***** Working data *****

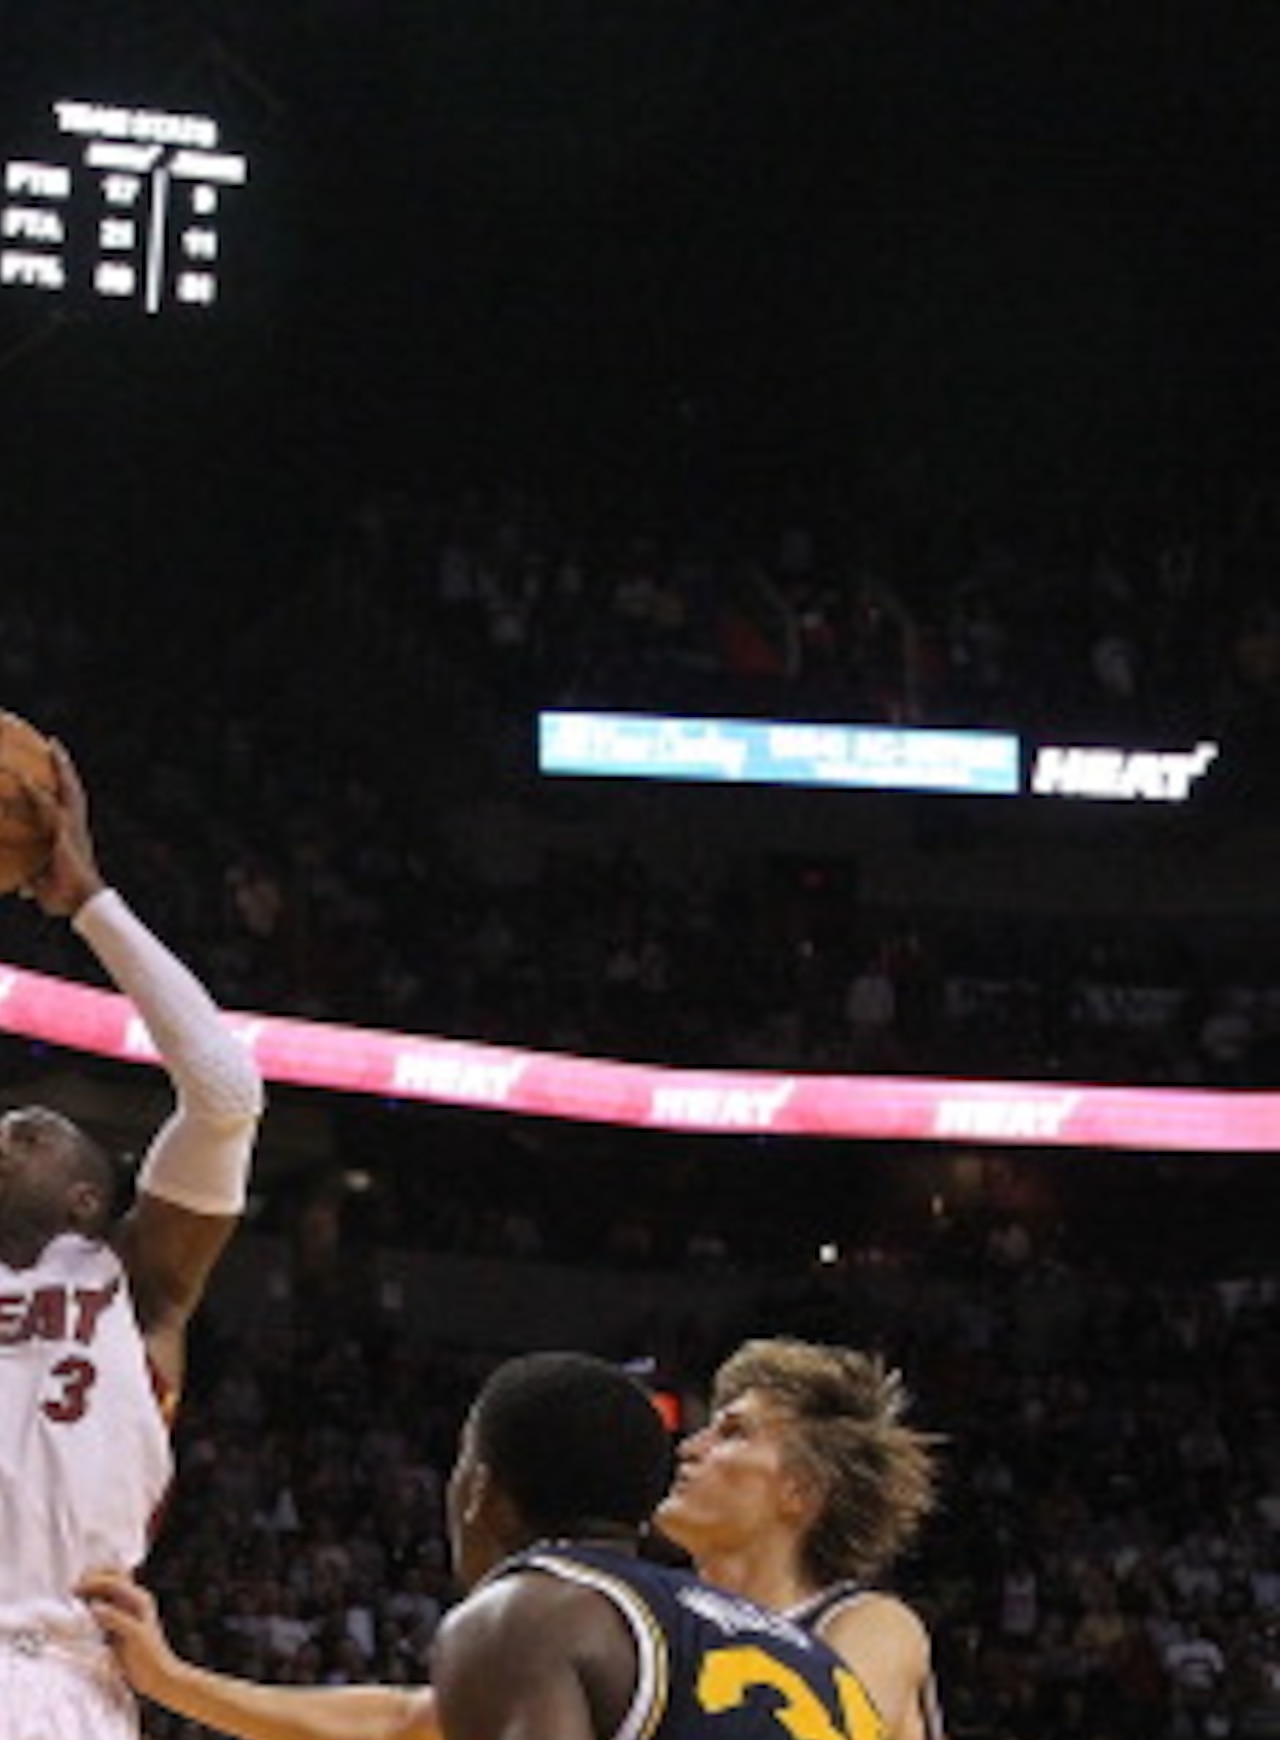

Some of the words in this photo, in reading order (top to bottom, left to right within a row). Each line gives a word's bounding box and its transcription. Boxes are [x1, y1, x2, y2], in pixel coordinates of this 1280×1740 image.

[1032, 742, 1220, 801] HEAT
[392, 1053, 528, 1102] HEAT
[651, 1078, 796, 1127] HEAT
[933, 1091, 1081, 1138] HEAT
[44, 1354, 97, 1423] 3
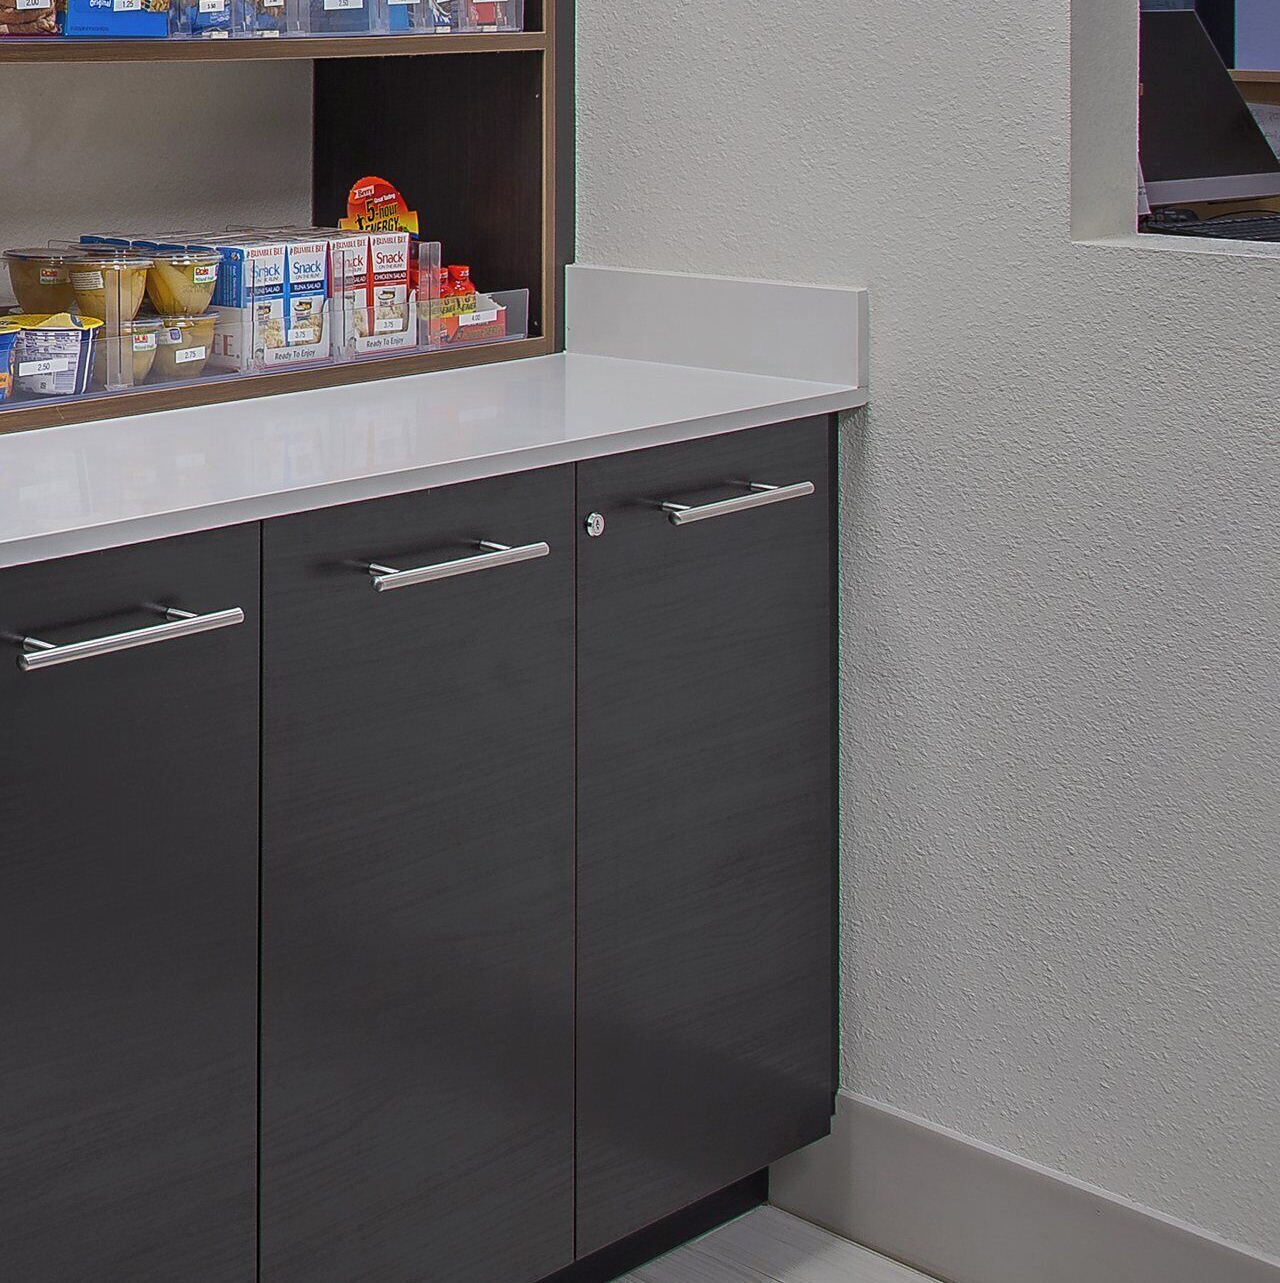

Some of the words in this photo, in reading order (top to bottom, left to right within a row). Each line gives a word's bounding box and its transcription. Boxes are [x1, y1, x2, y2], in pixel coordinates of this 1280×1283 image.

[122, 0, 134, 9] 1.25
[357, 188, 373, 198] Berry
[364, 198, 399, 223] 5-hour
[355, 239, 366, 247] BEE
[376, 237, 397, 245] BUMBLE
[397, 235, 407, 243] BEE
[250, 250, 273, 258] BUMBLE
[293, 247, 315, 255] BUMBLE
[375, 251, 404, 265] Snack
[195, 267, 210, 276] Dole
[253, 262, 280, 277] Snack
[293, 260, 322, 274] Snack
[293, 283, 307, 291] TUNA
[307, 281, 321, 289] SALAD
[471, 313, 481, 321] 4.00
[383, 320, 394, 329] 3.75
[295, 331, 306, 339] 3.75
[366, 339, 382, 348] Ready
[391, 337, 404, 346] Enjoy
[184, 351, 197, 359] 2.75
[274, 352, 291, 361] Ready
[301, 349, 315, 359] Enjoy
[37, 362, 51, 372] 2.50
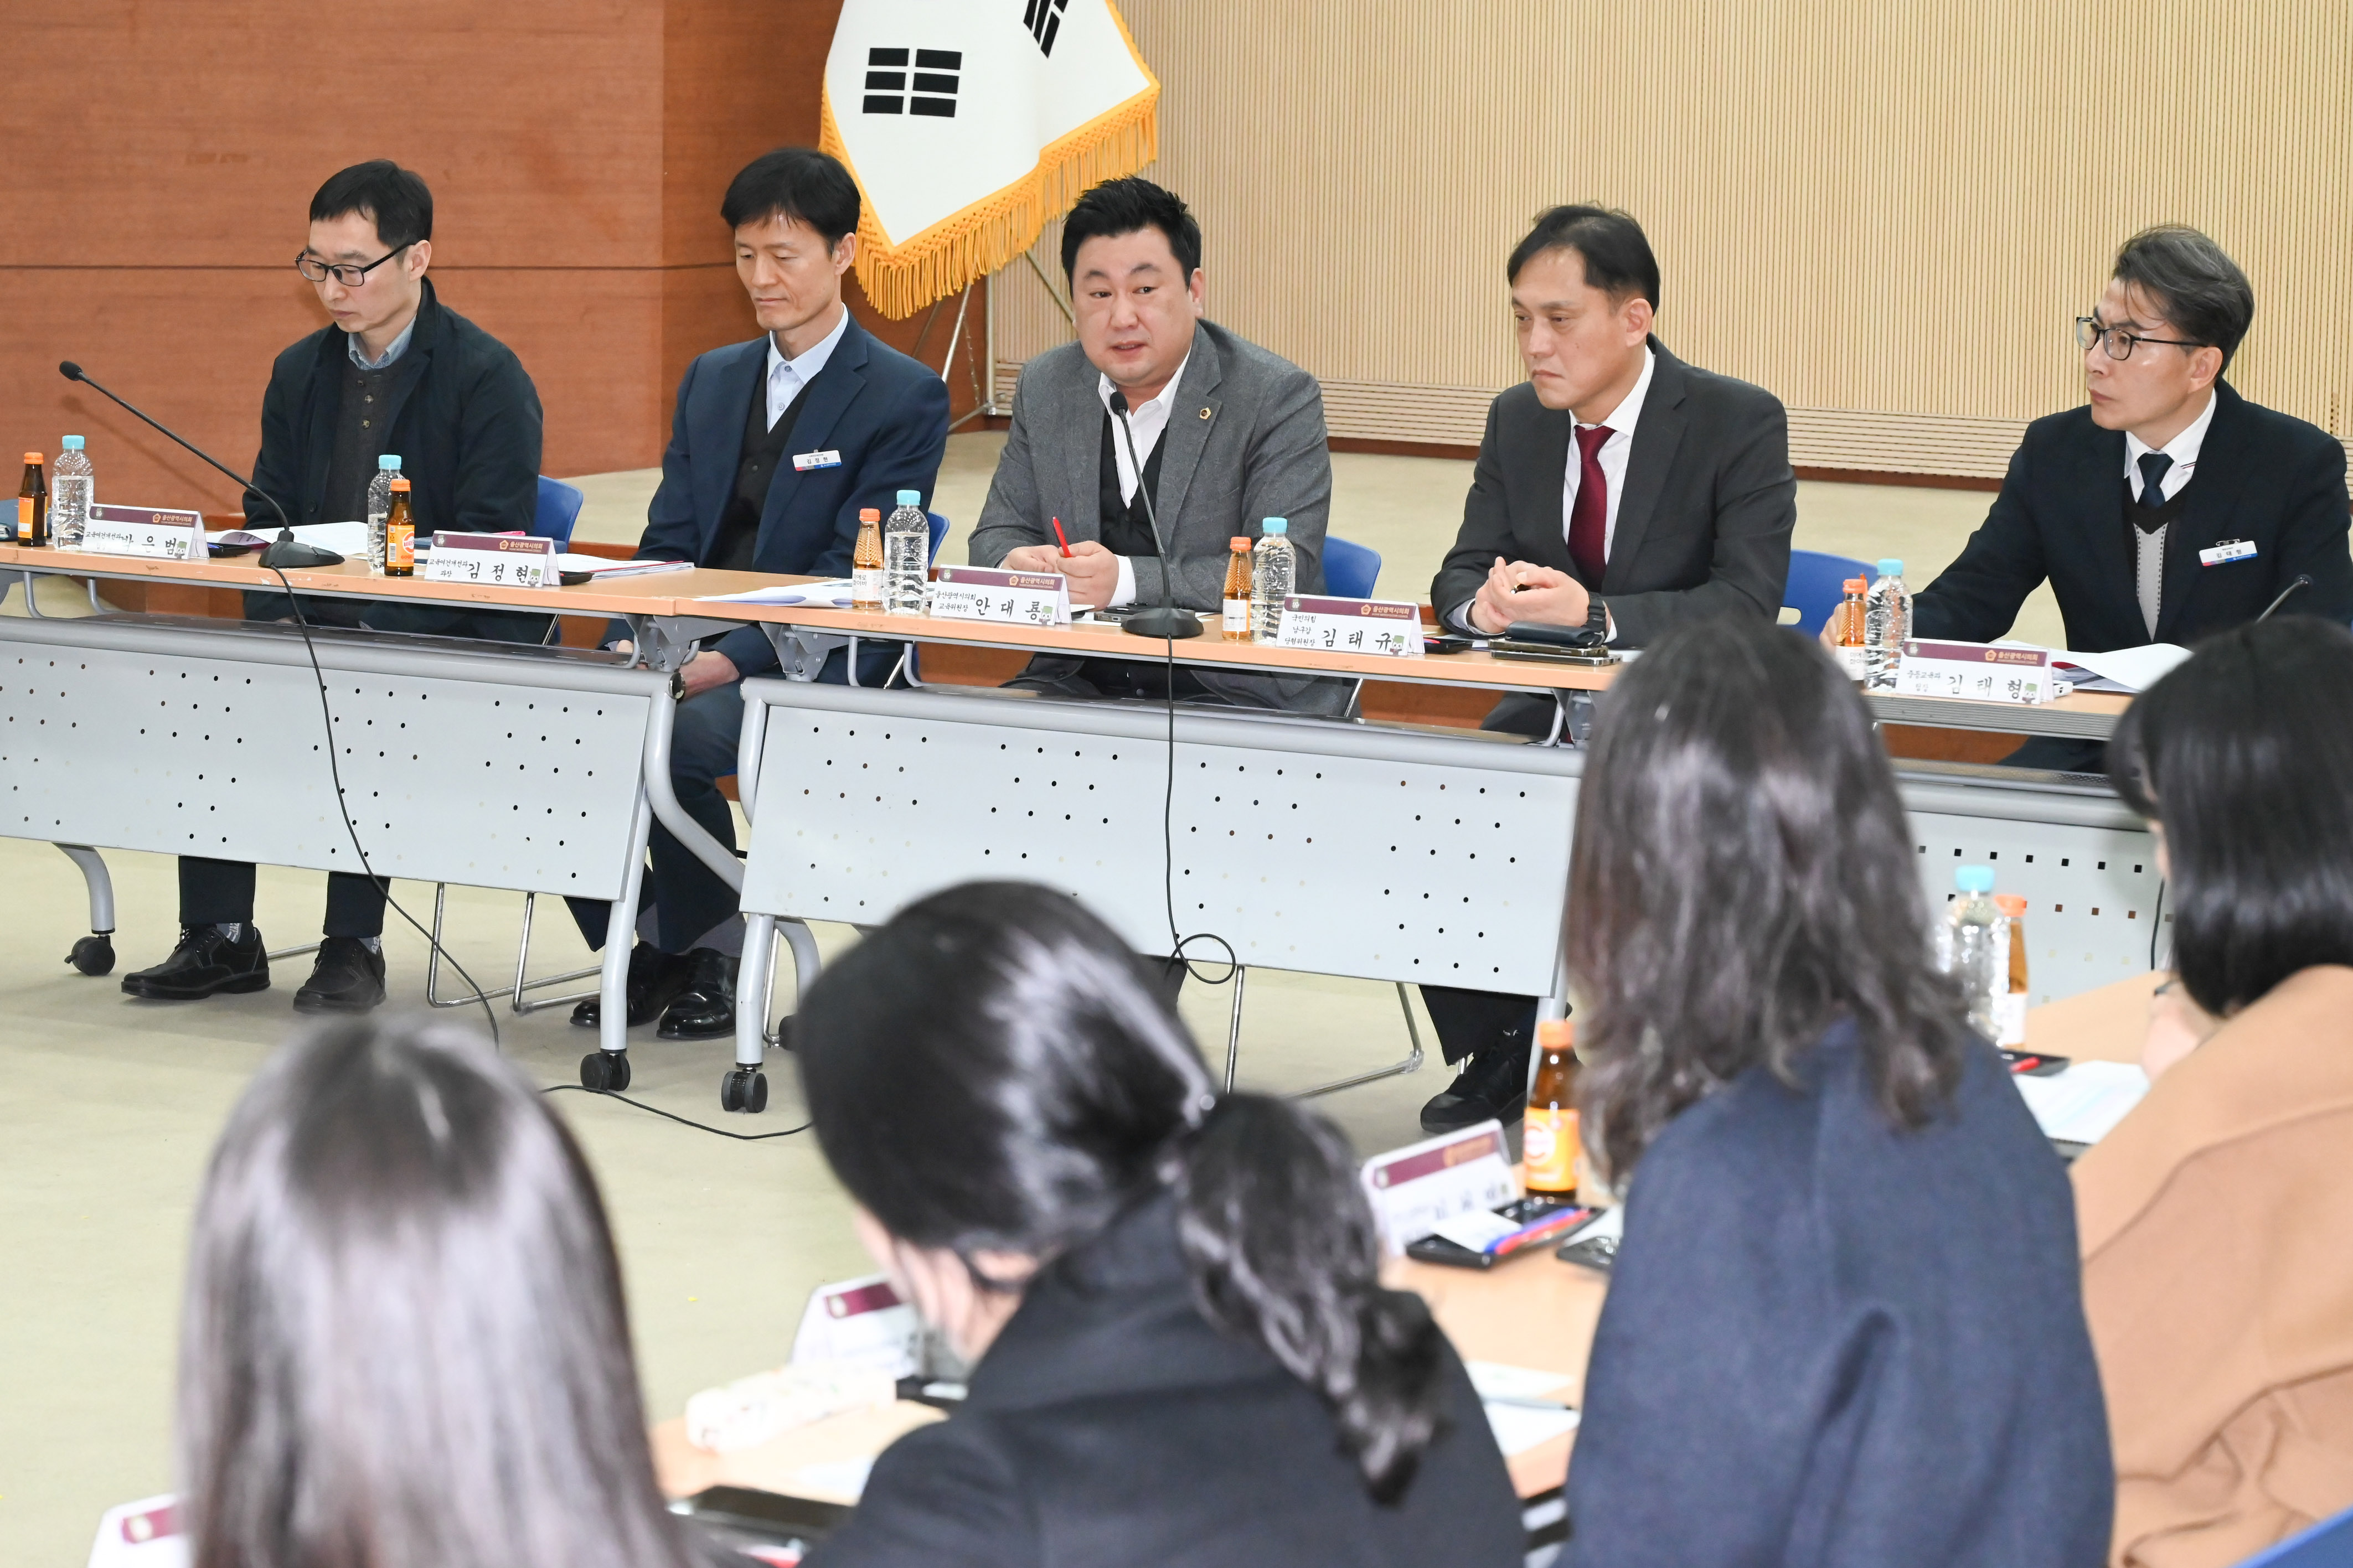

*****

Exercise description: A faithful, word-for-word copy of the data is needed; the pictures should not appear in it.

Reply to the exercise:
Some of the words in this photo, in reading order (top to bottom, left to right within a row). Each line gives a word's bounding box and its transcription. Boxes are [x1, y1, x2, y2], in pixel coordinates of this 1280×1740 image.

[1032, 742, 1220, 801] HEAT
[392, 1053, 528, 1102] HEAT
[651, 1078, 796, 1127] HEAT
[933, 1091, 1081, 1138] HEAT
[44, 1354, 97, 1423] 3

Some of the words in this photo, in reading order (top to bottom, left to right within a row). Each line gives a word's bounding box and its transcription. Boxes are [x1, y1, x2, y2], in pixel coordinates of this 1280×1283 image.

[122, 0, 134, 9] 1.25
[357, 188, 373, 198] Berry
[364, 198, 399, 223] 5-hour
[355, 239, 366, 247] BEE
[376, 237, 397, 245] BUMBLE
[397, 235, 407, 243] BEE
[250, 250, 273, 258] BUMBLE
[293, 247, 315, 255] BUMBLE
[375, 251, 404, 265] Snack
[195, 267, 210, 276] Dole
[253, 262, 280, 277] Snack
[293, 260, 322, 274] Snack
[293, 283, 307, 291] TUNA
[307, 281, 321, 289] SALAD
[471, 313, 481, 321] 4.00
[383, 320, 394, 329] 3.75
[295, 331, 306, 339] 3.75
[366, 339, 382, 348] Ready
[391, 337, 404, 346] Enjoy
[184, 351, 197, 359] 2.75
[274, 352, 291, 361] Ready
[301, 349, 315, 359] Enjoy
[37, 362, 51, 372] 2.50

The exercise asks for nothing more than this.